These were Navy fighter pilots who had flown with Israeli fighter pilots in exercises. They said the Israeli guys were just the best because of how they must train. In America, pilots go up on training exercises, and then they fly real-world missions where they may be shot at. Israeli pilots go up on training missions, but their whole country is surrounded by enemies, so all training missions they go up fully armed and ready for combat, because sometimes (or maybe oftentimes even for all I know) they get shot at while "training."

Also, unlike America, their country is constantly directly threatened by enemies lobbing bombs and so forth at them so they can get ordered at any time to go and attack said areas.

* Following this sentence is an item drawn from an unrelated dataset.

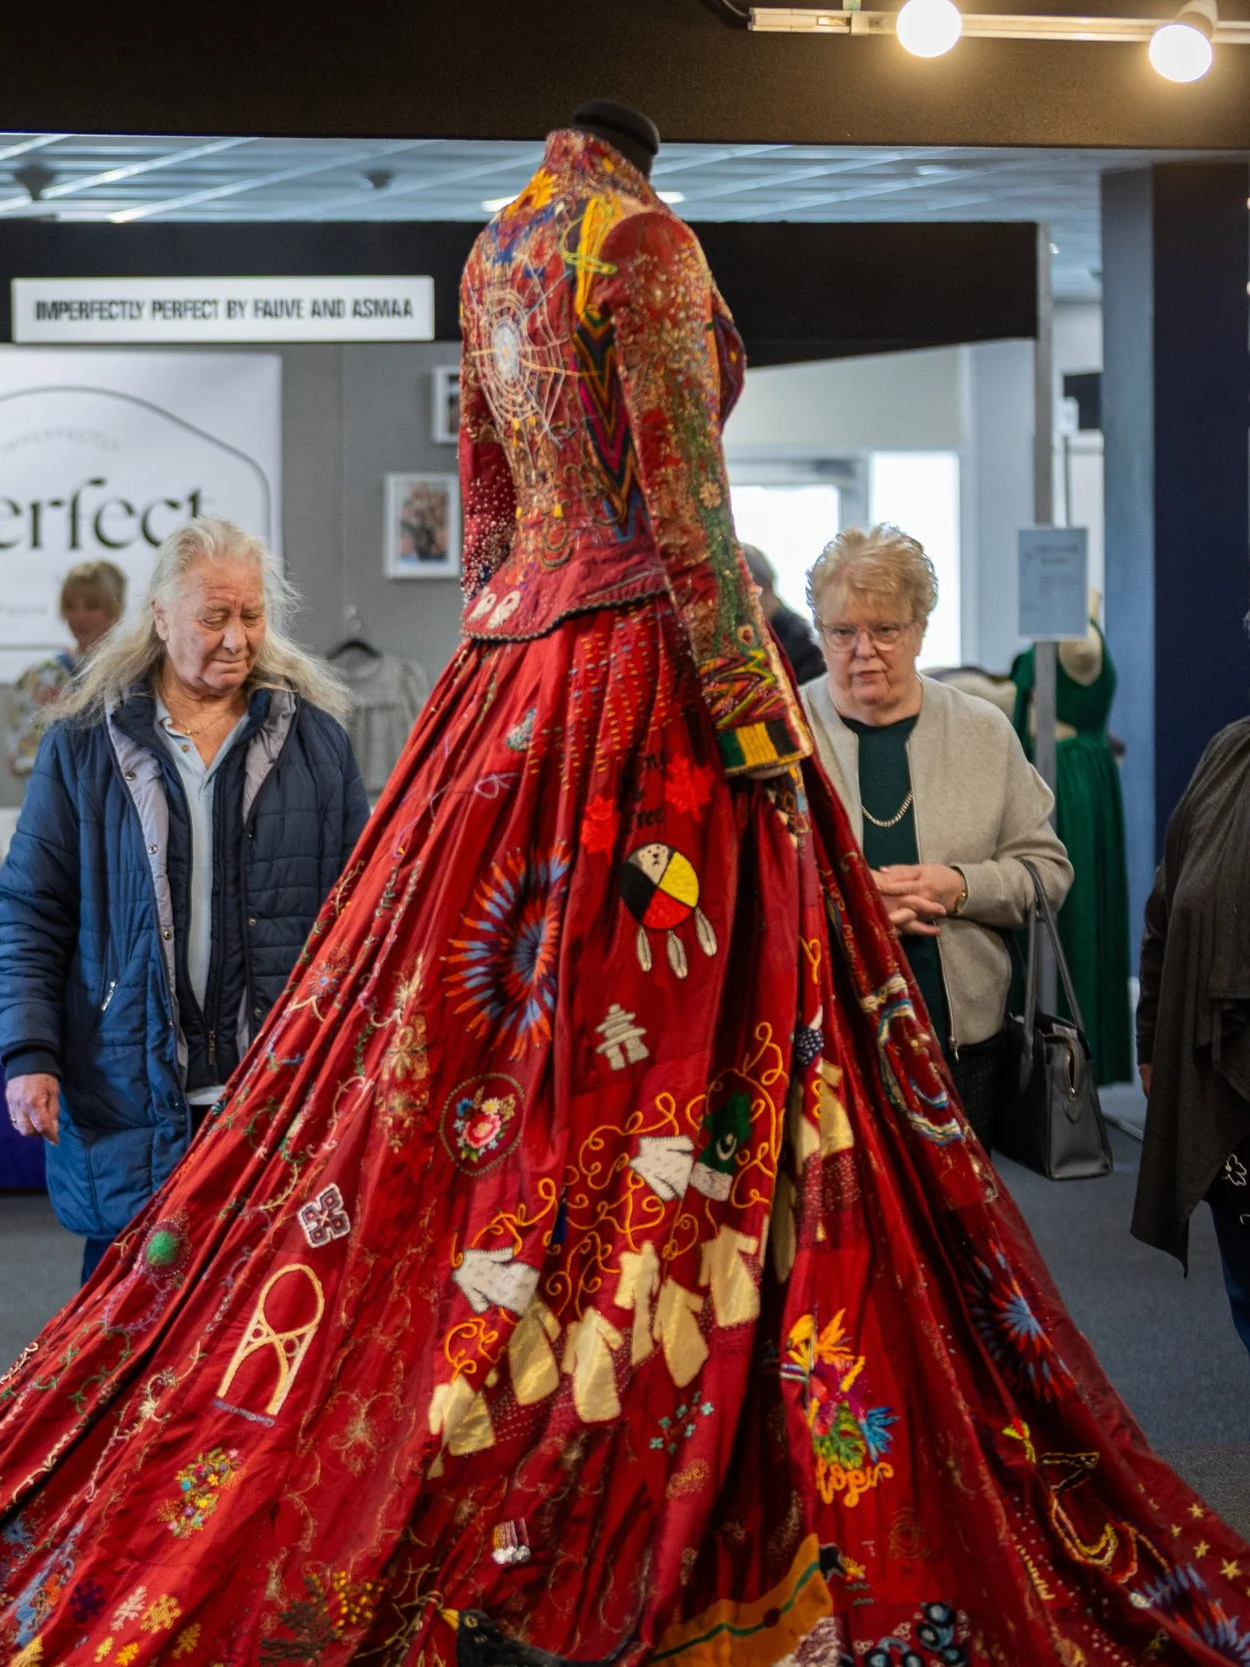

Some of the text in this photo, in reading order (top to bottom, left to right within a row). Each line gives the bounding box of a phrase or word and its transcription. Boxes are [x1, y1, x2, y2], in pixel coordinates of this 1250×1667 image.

[35, 298, 414, 322] IMPERFECTLY PERFECT BY FAUVE AND ASMAA
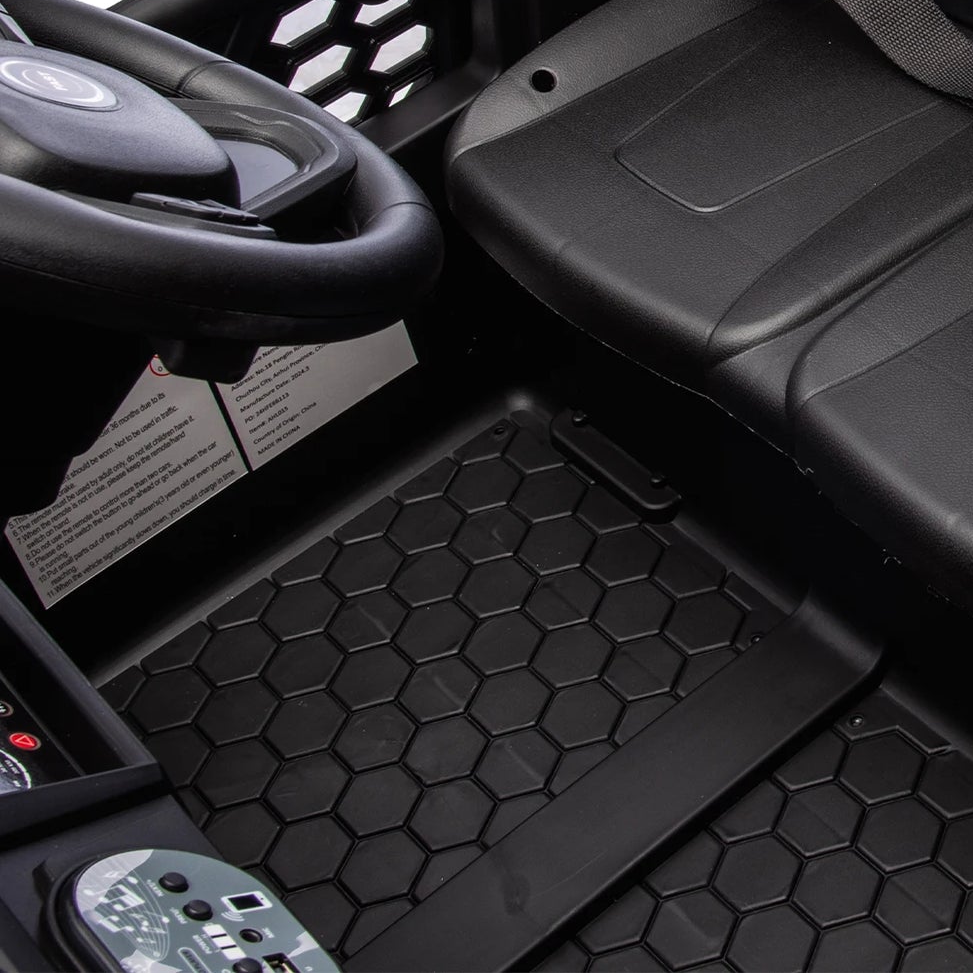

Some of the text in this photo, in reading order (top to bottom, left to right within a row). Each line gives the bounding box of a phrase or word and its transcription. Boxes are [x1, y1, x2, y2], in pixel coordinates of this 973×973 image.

As for becoming a fighter pilot, it depends. The U.S. Air Force is the most difficult, the U.S. Navy and U.S. Marine Corps you can get a guaranteed flight contract, but then it's up to you to get through flight school, and you could end up with anything from fighter planes to helicopters to C-130s to the big "jetliner" types of aircraft.

The U.S. Army also offers guaranteed flight school as well.

You do not need 20/20 vision for these, they will give you the corrective surgery if you need it.

If you are sincerely interested in becoming a U.S. Navy or Marine Corps pilot, check out www.airwarriors.com . They also have some info on U.S. Air Force and Army too.

I haven't a clue about about becoming a fighter pilot (or pilot overall) for the militaries of other nations though.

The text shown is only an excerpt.